Sunday, 28. June 2009 von Superman

President Barack Obama signed an emergency war-funding bill late Wednesday that contains nearly $2.2 billion for eight more of Boeing’s C-17 transport planes.

While the additional C-17 Globemaster III planes and some international orders will allow Boeing to keep its production line going through the summer of 2011, the aerospace company and its supporters are pushing for as many as 15 additional C-17s in next year’s defense budget.

The C-17 supports 5,000 jobs at Boeing’s final assembly plant in Long Beach, Calif., and an additional 900 in St. Louis, where the plane’s cargo door, cargo ramp, landing-gear pods, nose and engine pylons are built. Boeing previously said its line would be shut down in January 2011 if it received no more U.S. orders.
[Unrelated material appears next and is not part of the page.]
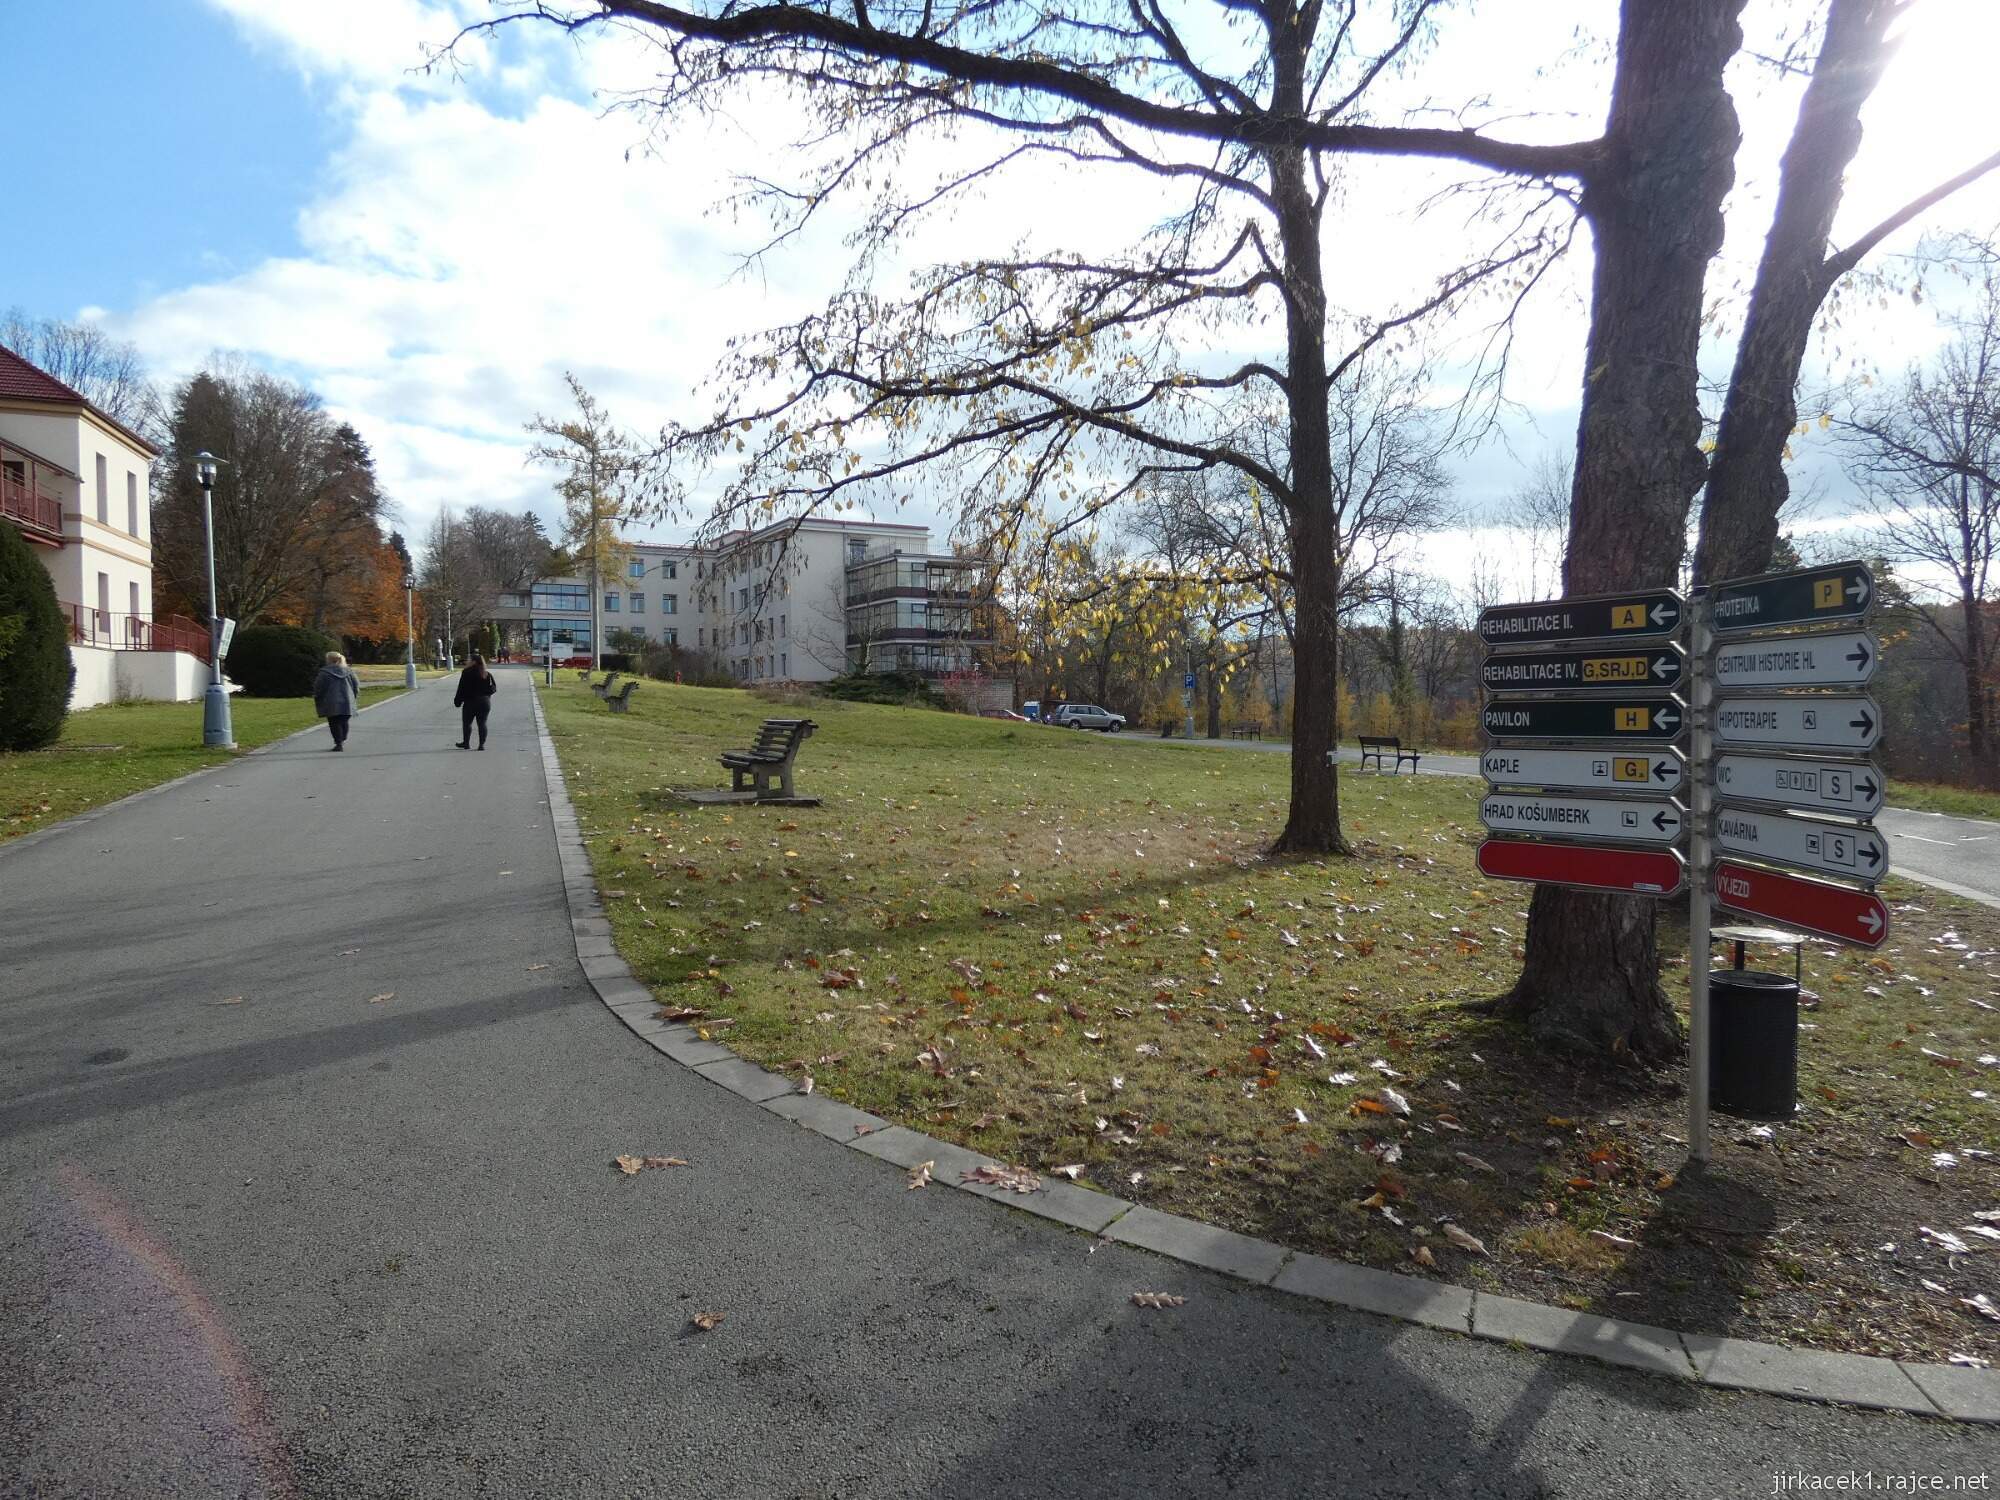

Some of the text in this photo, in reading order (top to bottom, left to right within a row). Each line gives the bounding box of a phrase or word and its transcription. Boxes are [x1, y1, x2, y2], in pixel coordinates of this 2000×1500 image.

"Boeing is grateful for the bipartisan congressional support the C-17 program continues to receive, along with the recognition that funding for additional C-17s is crucial at a time when America’s need for airlift is growing," the company said in a statement.

Boeing produces about 15 of the planes a year, and the C-17 line has been extended through similar supplemental defense spending measures since 2006.

But this year, Defense Secretary Robert Gates proposed capping production of C-17s at the 205 that are in the fleet and are in the pipeline.

Boeing spokesman Jerry Drelling said the U.S. Air Force orders help keep the price affordable for sale to international customers. Next month, Boeing will deliver the first of three C-17s this year to the NATO-led Strategic Airlift Capability consortium, he said paydayloans.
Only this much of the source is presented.